Without the neighborhood foot traffic, however, some hoteliers doubt a hotel food court could work.
"A food-court concept in a hotel is actually comical," said Steven Belmonte, president and chief operating officer for Ramada Franchise Systems, which will unveil a New York-style deli concept at its December convention.
"The food courts get a box of tacos and they're heating it up," Belmonte said. "I do not want to give people reheated pizza in place of a restaurant."
Guests don't crave name brands as much as food that's "more simple, more sandwich-like," Belmonte said. "The consumer has no confidence in the food they'll get in a midpriced hotel."
Whether guests want branded food also depends on the item, added Scott Deaver, Ramada vice president of marketing. "Pizza must be branded, but not burgers or ice-cream sundaes."
Ramada Inns will have the option to swap their lunch-and-dinner restaurant for the deli, but must serve a traditional breakfast, Belmonte said.
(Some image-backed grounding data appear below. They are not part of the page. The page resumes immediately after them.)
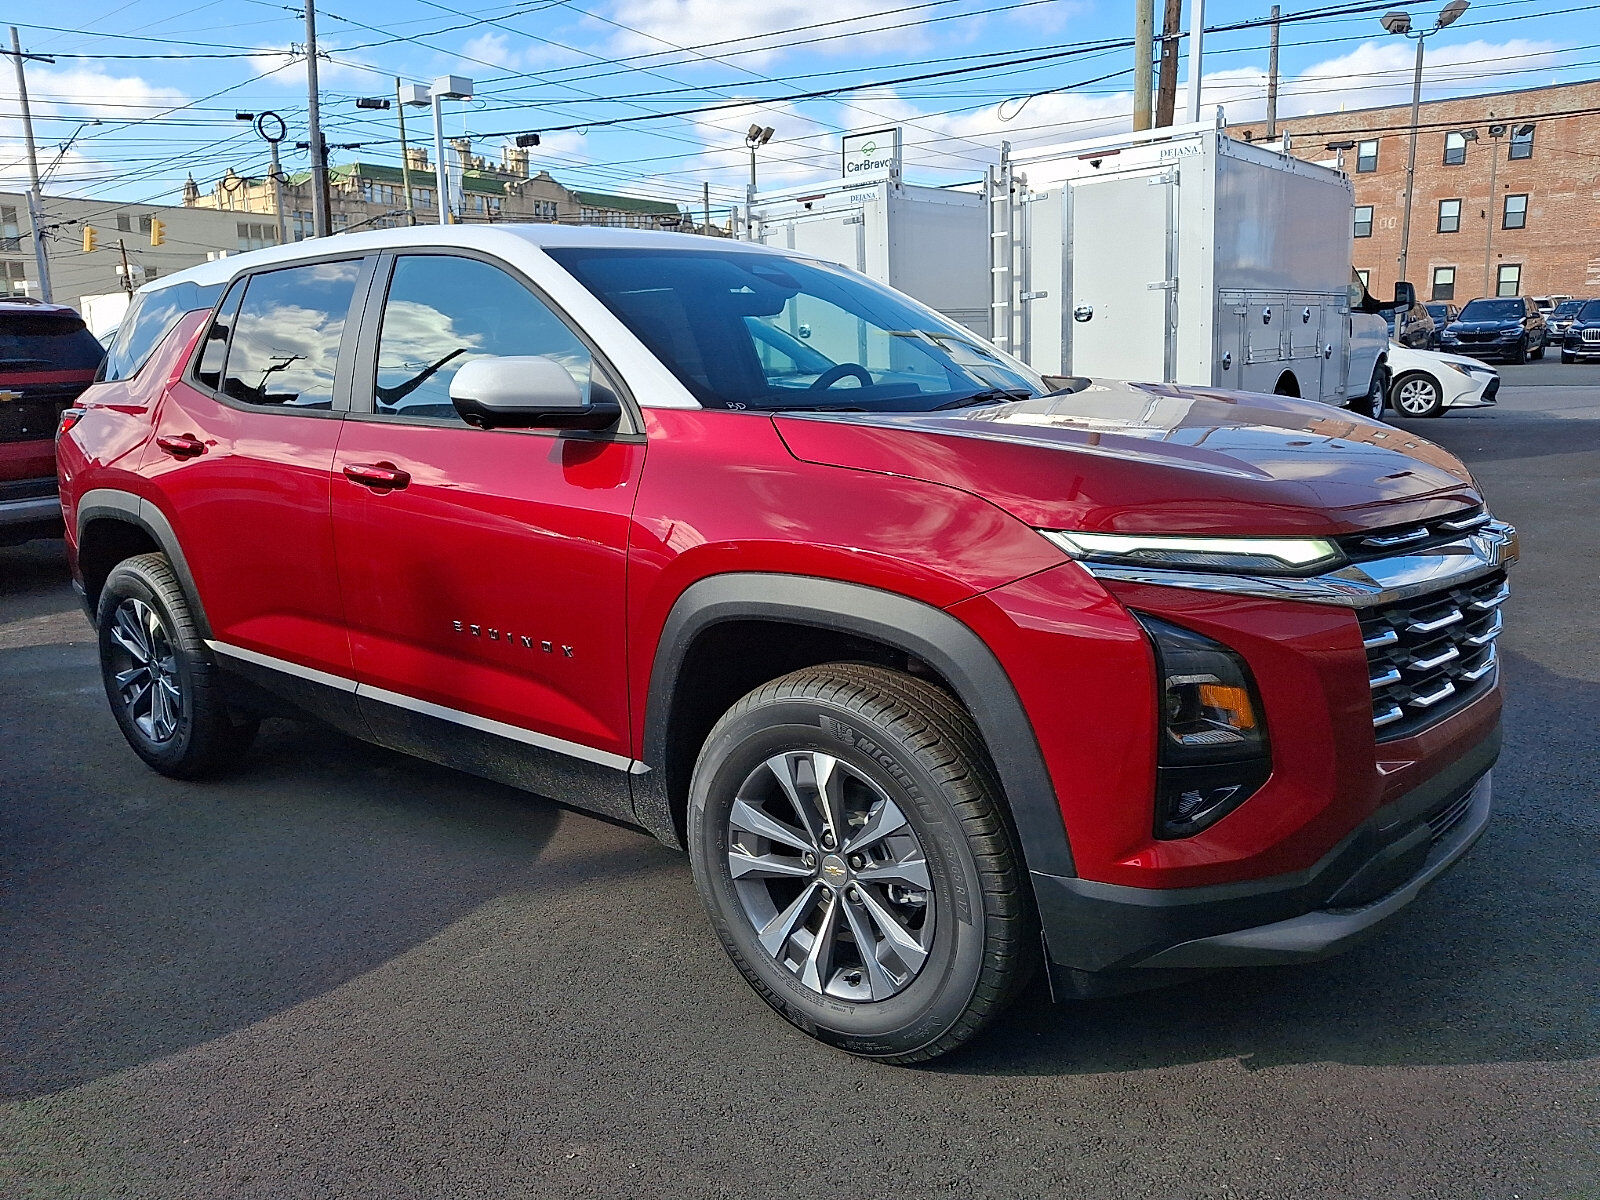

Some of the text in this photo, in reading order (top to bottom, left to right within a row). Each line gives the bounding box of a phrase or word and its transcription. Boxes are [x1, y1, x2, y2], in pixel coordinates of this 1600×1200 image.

[847, 159, 891, 173] CarBravo
[452, 620, 575, 659] EQUINOX
[855, 737, 933, 818] MICHELIN
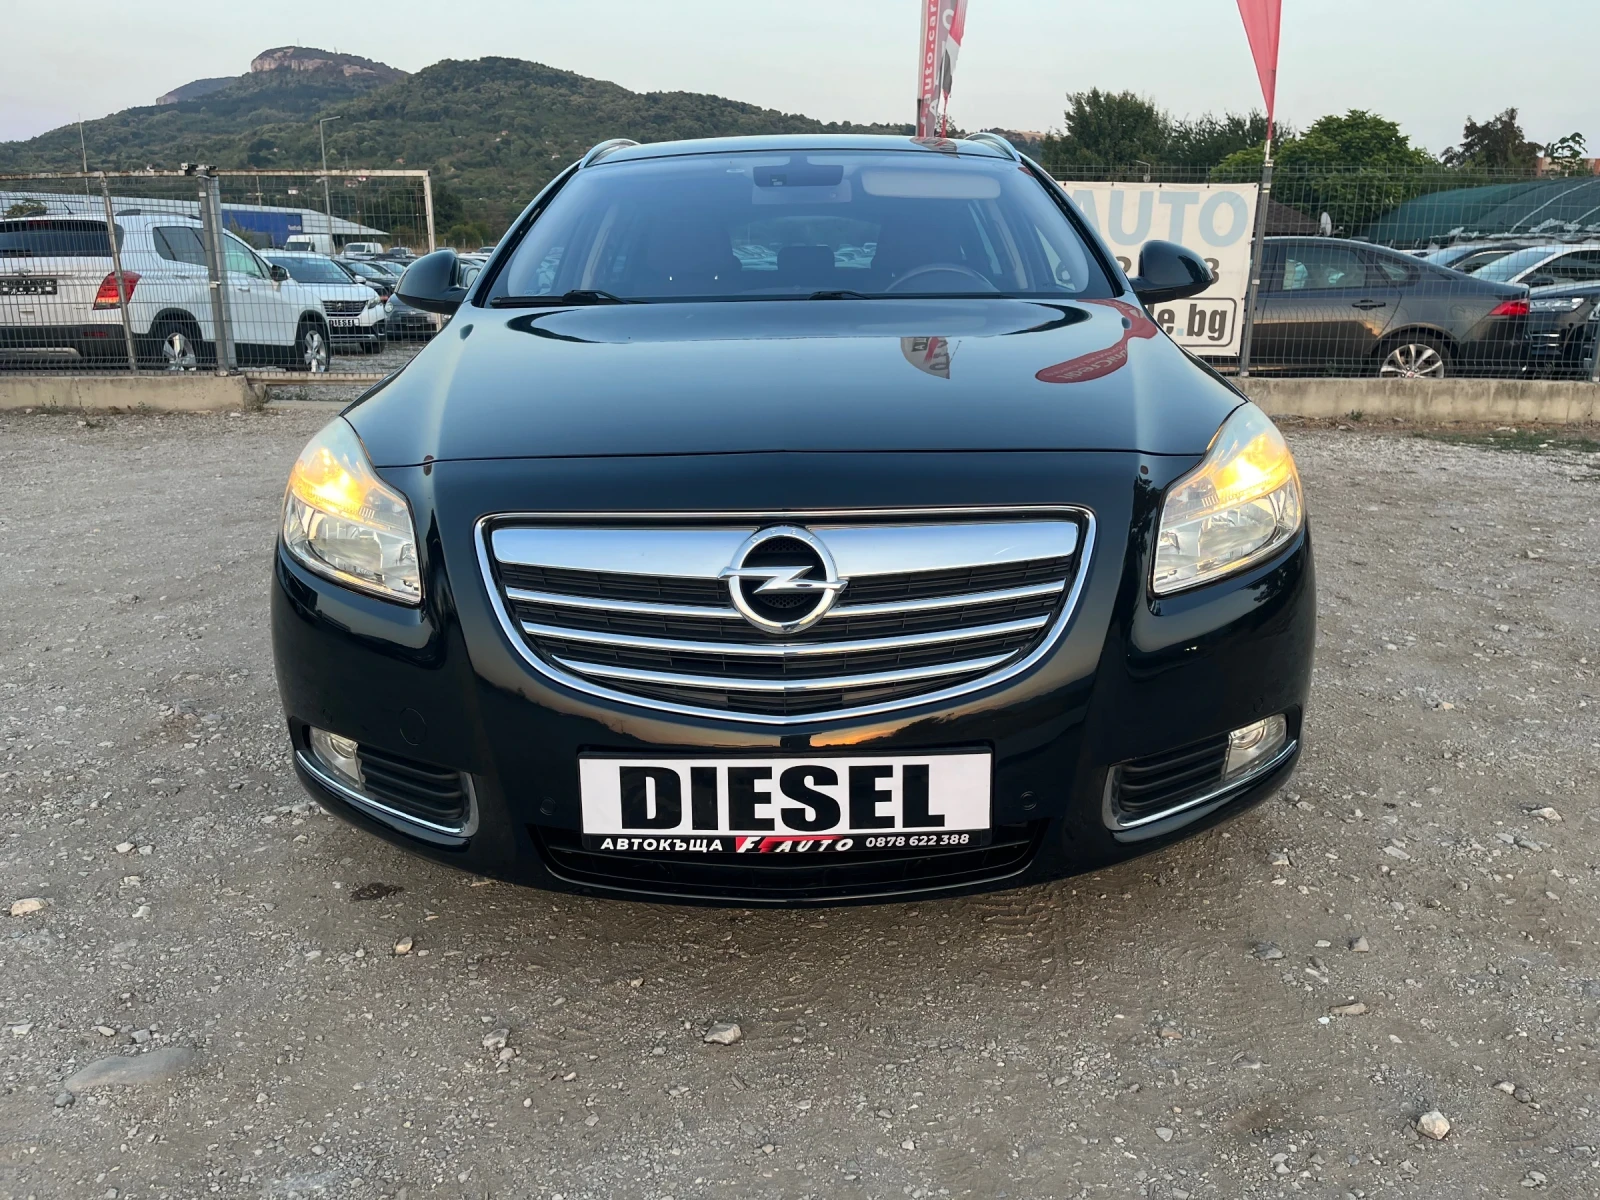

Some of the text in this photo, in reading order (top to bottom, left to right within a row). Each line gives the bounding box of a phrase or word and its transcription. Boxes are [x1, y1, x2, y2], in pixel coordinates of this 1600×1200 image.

[619, 763, 945, 832] DIESEL
[601, 838, 723, 853] АВТОКЪЩА
[774, 838, 854, 853] AUTO
[865, 833, 970, 848] 0878 622 388
Ramada Plazas may add the deli but must keep a "white-tablecloth restaurant" as well.
Howard Johnson plans to join the food-court party as well, said president and chief chief operating officer Steven Phillips. "We're in the early stages of planning a hookup with a fast-food-type chain," he said.
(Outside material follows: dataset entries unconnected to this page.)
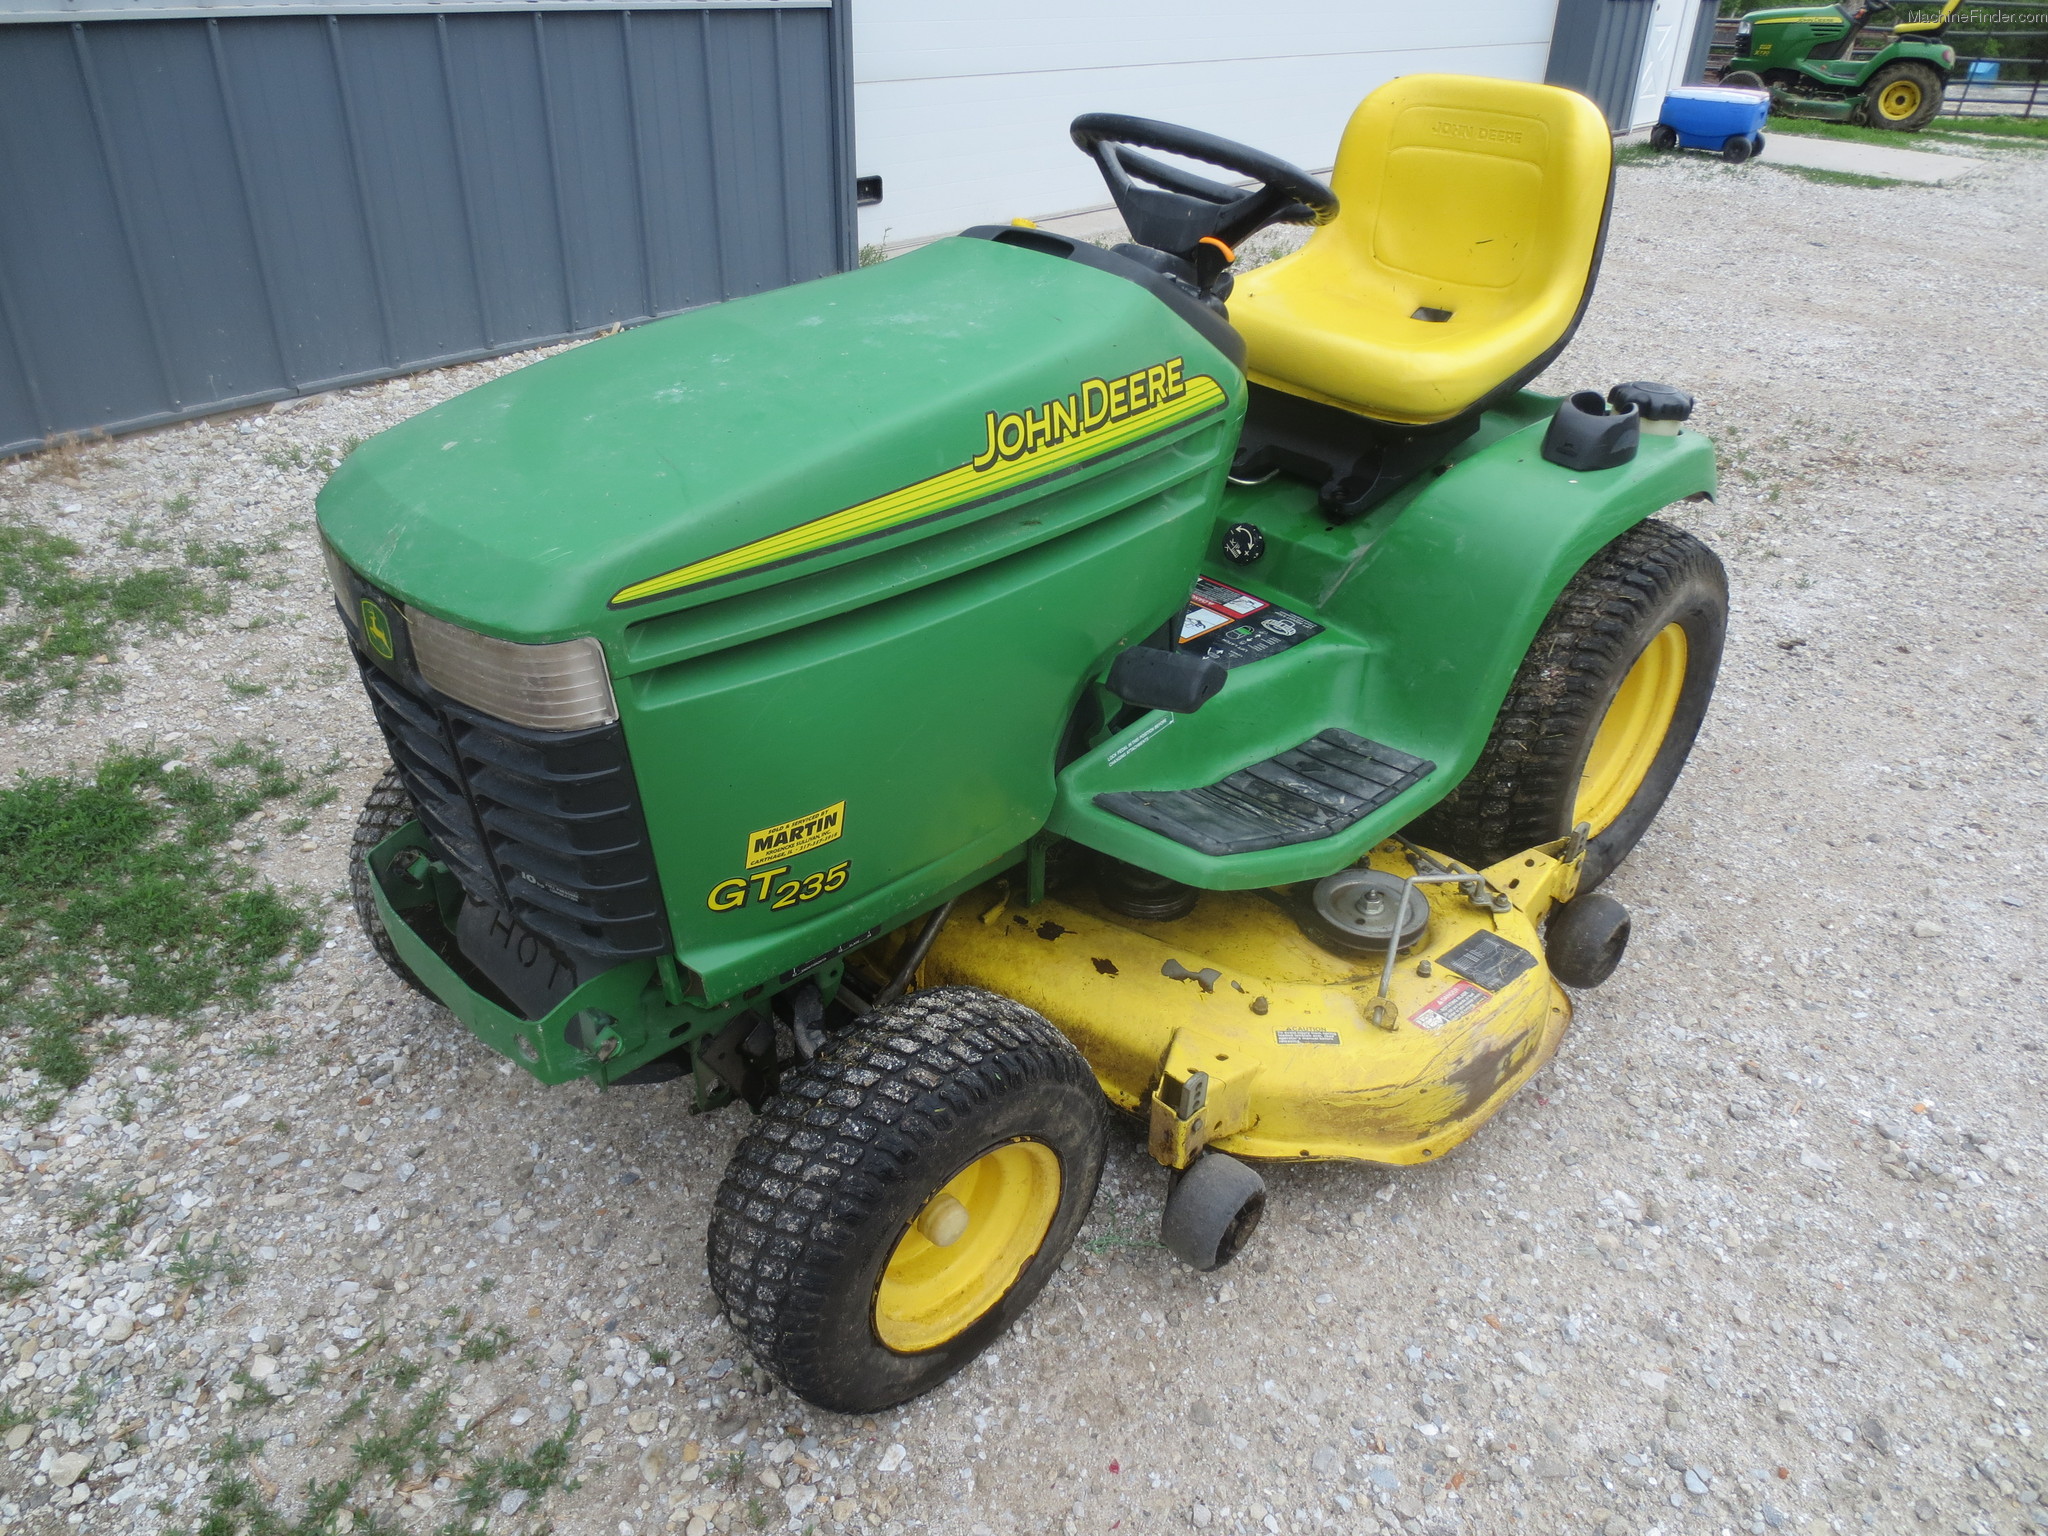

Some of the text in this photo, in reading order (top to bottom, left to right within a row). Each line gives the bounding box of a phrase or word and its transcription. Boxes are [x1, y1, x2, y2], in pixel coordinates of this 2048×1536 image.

[1432, 122, 1523, 145] JOHN DEERE
[973, 356, 1186, 472] JOHN DEERE
[754, 812, 838, 853] MARTIN
[768, 824, 785, 834] SOLD
[791, 813, 820, 828] SERVICED
[707, 860, 852, 913] GT235
Cost of labor is driving this trend as much as guest demand. While labor in Asia still is less costly than in the U.S. and Europe, "it is rising quite rapidly, certainly faster than the economies are growing," said John Norlander, president and chief executive of Carlson Hospitality Worldwide. "What that means to me is they have to find ways to hold their costs in check. The most expensive part of labor in a hotel is food and beverage, so you're going to see some shrinking of F&B operations. When that happens, then you tend to become more casual, more like Friday's. American casual is definitely taking over the world."
Radisson, a pioneer in teaming with the branded TGI Friday's chain (both owned by Carlson Hospitality), is now taking the concept beyond U.S. borders. Twenty American hotels partner with Friday's, including eight Radissons, six Holiday Inns, two Country Inns & Suites, one Hampton Inn and one Embassy Suites. Radisson has opened one Friday's in Berlin, six in Seoul and eight in Taipei.
In Mexico, Travelodge has just struck an agreement to pair 30 properties over the next three years with a branded food chain called Wings, said public relations manager Edward Deutsch.